All’inizio i bauli furono allineati nel locale e il vecchio Bob dichiarò con orgoglio che la
calabusa era diventata la sala più elegante dell’isola. Per vari giorni, anzi, vi si tennero le udienze
del tribunale indigeno. I capi che svolgevano funzione di giudice si sedevano solennemente in fila
sui nostri bagagli, mentre imputati, testimoni e spettatori prendevano posto per terra in ordine
sparso, sotto il tetto della calabusa oppure, nelle udienze più affollate, fuori, all’ombra degli alberi.
Quando non avevamo altro passatempo, noi della Julia assistevamo in disparte a quelle
movimentate riunioni, appoggiati alla gogna come al parapetto di una tribuna d’onore e ci
scambiavamo i nostri pareri su quel poco che capivamo delle dispute.
Ma pezzi di arredamento così pregiati non potevano rimanere confinati in un’aula di
tribunale. A poco a poco qualche indigeno si fece avanti, ci offrì la propria amicizia, si disse
ansioso di stringere con noi rapporti di fratellanza, secondo il costume locale, giurando che
avrebbe obbedito a ogni nostro desiderio.
I fortunati che in cambio ricevevano un baule, ci ringraziavano commossi, arrivavano ogni
giorno con provviste alimentari e proclamavano che avevamo fatto la felicità delle loro case. Per
me e Long Ghost fu facile immaginare gustose scenette di vita familiare tahitiana: mogli che
tormentavano i mariti per avere in regalo un mobile di lusso da mostrare alle amiche, e quando il
pezzo era piazzato al centro della capanna di bambù si stimavano come vecchie signore del
vecchio mondo di fronte a vecchie cassettiere.
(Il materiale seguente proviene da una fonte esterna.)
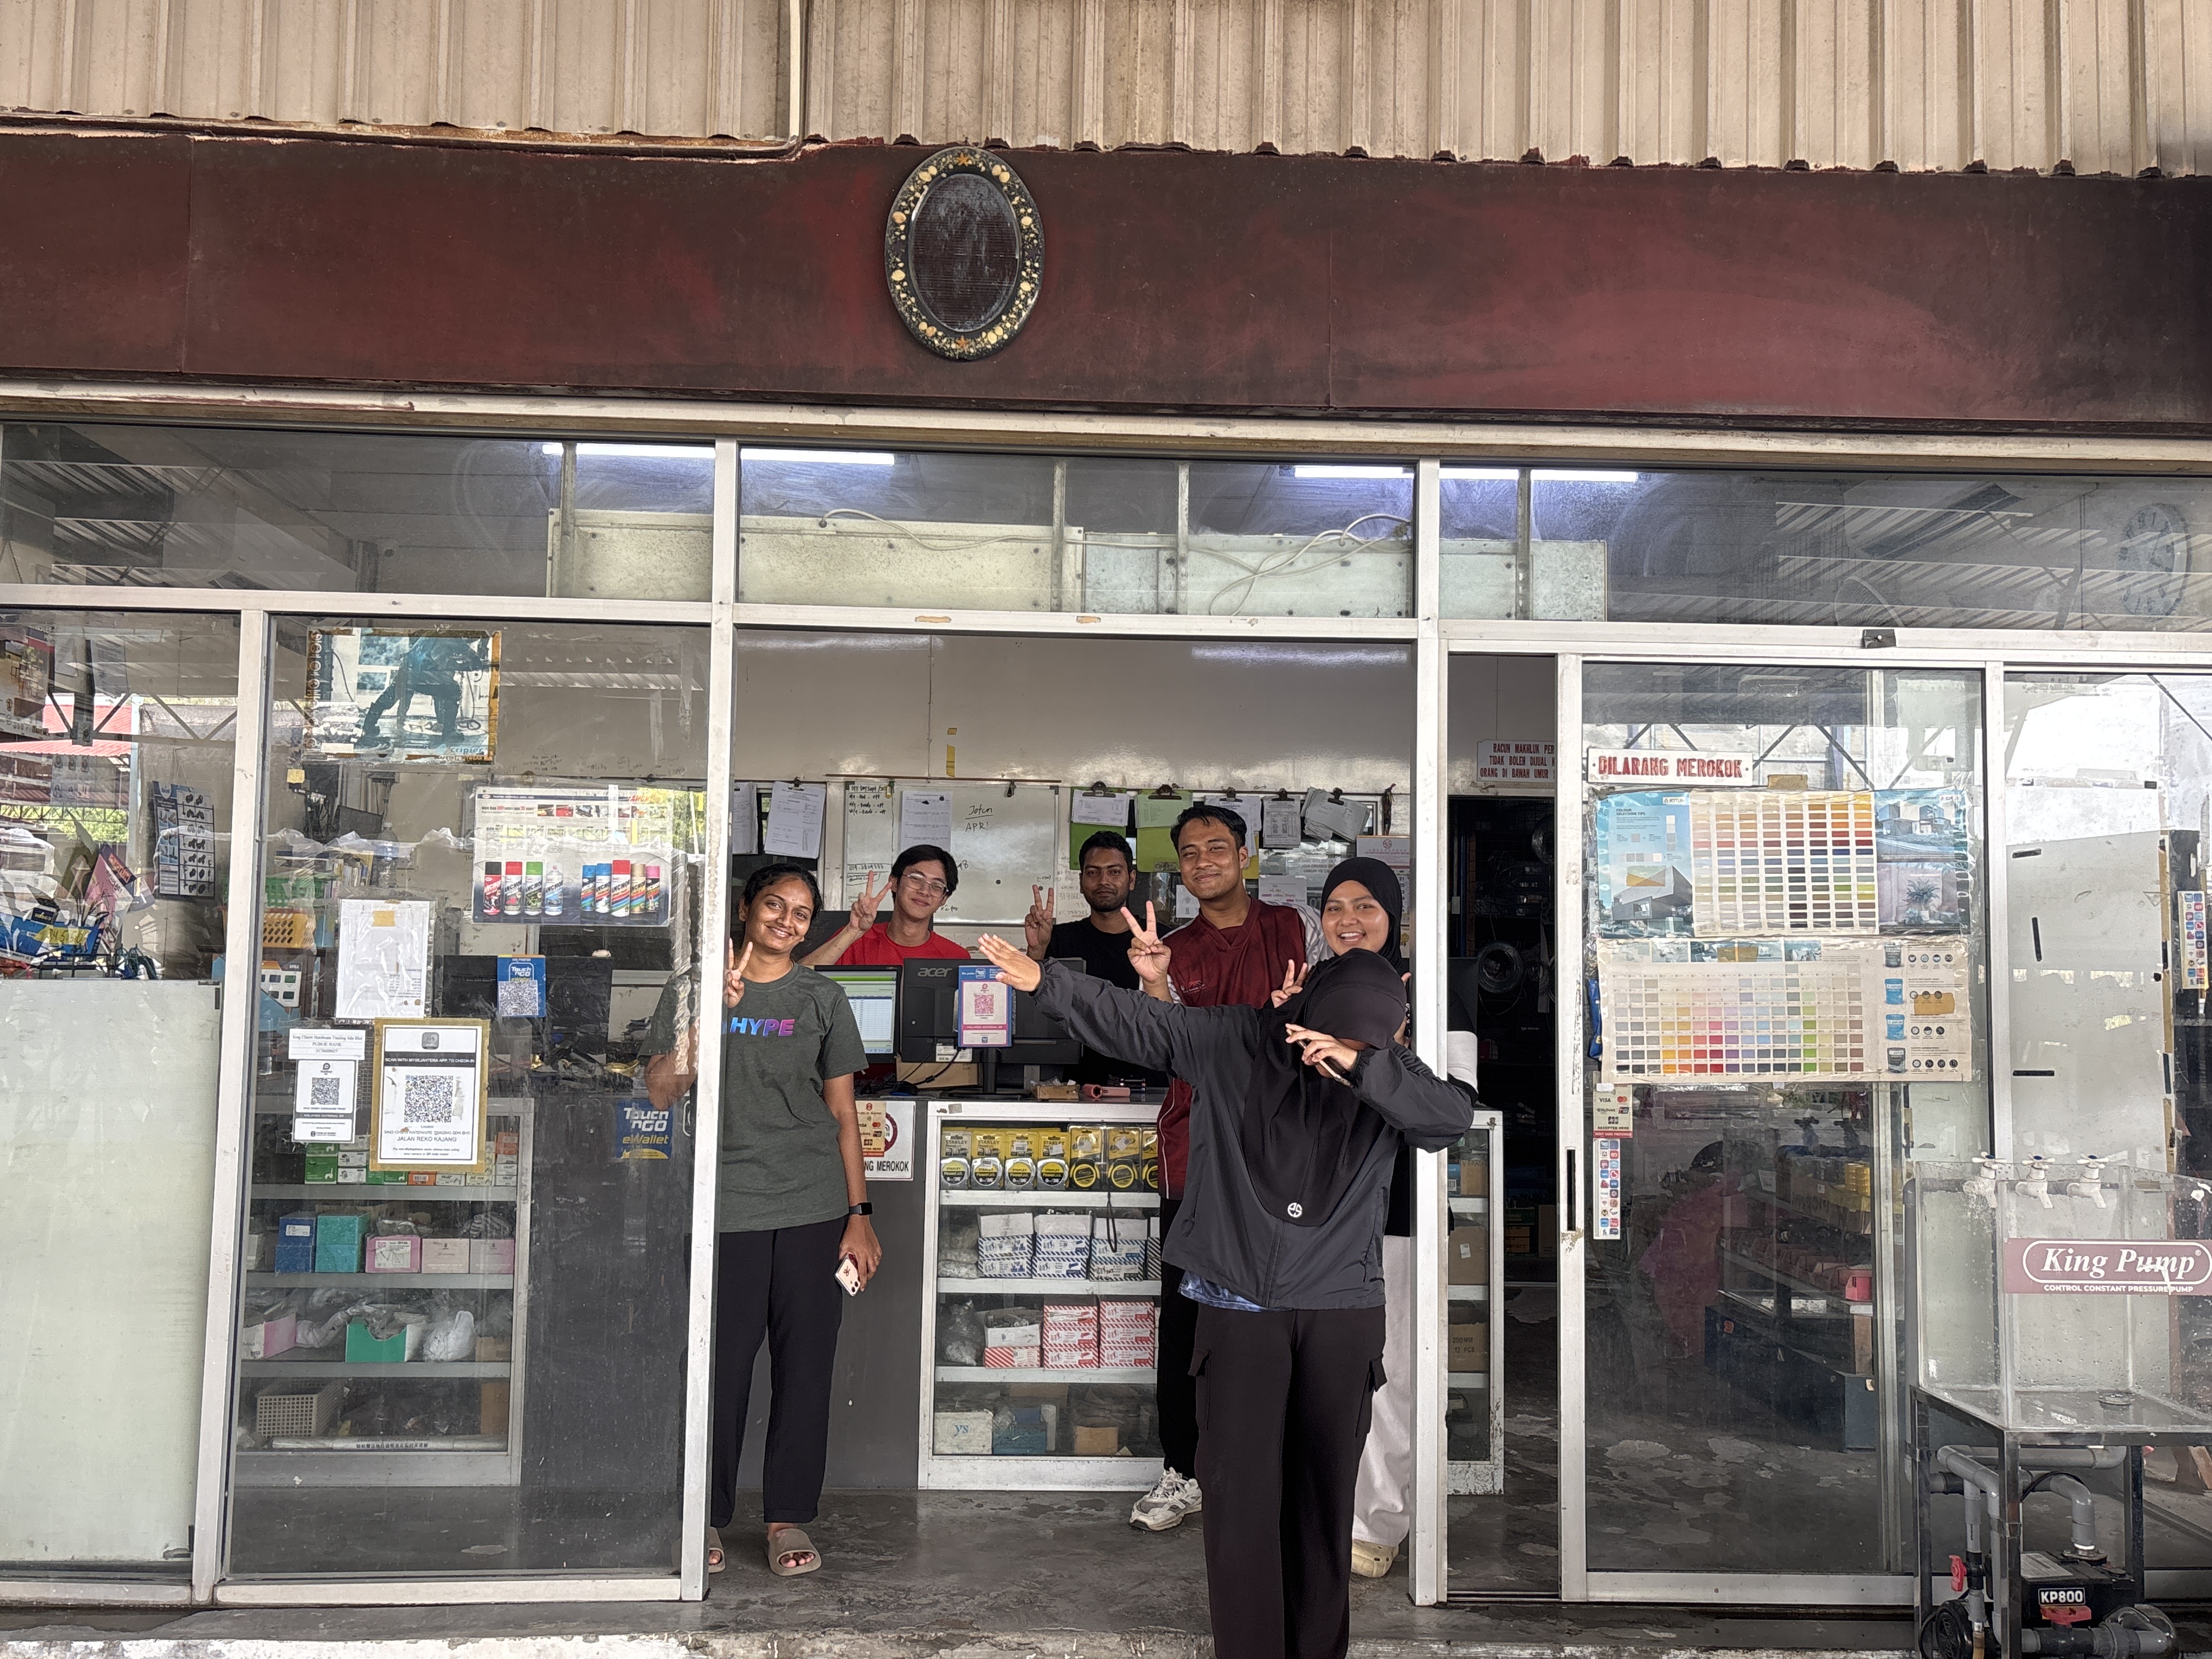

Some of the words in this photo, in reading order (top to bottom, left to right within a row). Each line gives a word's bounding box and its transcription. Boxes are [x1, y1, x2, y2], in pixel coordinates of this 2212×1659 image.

I più apprezzati erano i bauli forniti di chiave e di serratura non arrugginita, mentre graffi e
ammaccature diminuivano il pregio dell’oggetto. Un indigeno si era innamorato del baule di
mogano di Long Ghost e sembrava il ritratto della felicità tutte le volte che riusciva a sedervisi
sopra: un giorno fu trovato inginocchiato nell’atto di applicare un unguento a una brutta scalfittura
sul coperchio.
Impegnati come eravamo con le nuove conoscenze, ci stavamo quasi dimenticando della
Julia quando, una domenica mattina, capitan Bob ci diede l’annuncio.
— Ah, ragazzo, tua nave svelta svelta su le vele!
Corremmo tutti fino in riva al mare. La spiaggia era deserta. Scorgemmo la baleniera che
usciva dal porto di Papeete, vele al vento. Sulla coffa c’era un ragazzo che scioglieva il
controvelaccio, una gamba a cavalcioni del pennone, altri fissavano l’ancora sul castello di prua,
Jermin andava avanti e indietro lanciando ordini e accanto al timoniere il capitano Guy, calmo e
signorile, fumava un sigaro come se nulla fosse. Si sentiva cantare:
Sempre allegri, ragazzi, non vi manchi la lena,
quando il buon ramponiere colpirà la balena!
Presto la nave si avvicinò alla barriera corallina, aggiustò la rotta e s’infilò gagliardamente
nell’apertura, guadagnando il mare aperto. Augurammo di cuore buona navigazione agli
sconosciuti marinai che avevano preso il nostro posto, mentre la Julia si sottraeva alla nostra vista.
Chissà se ha mai trovato quel branco di docili balene.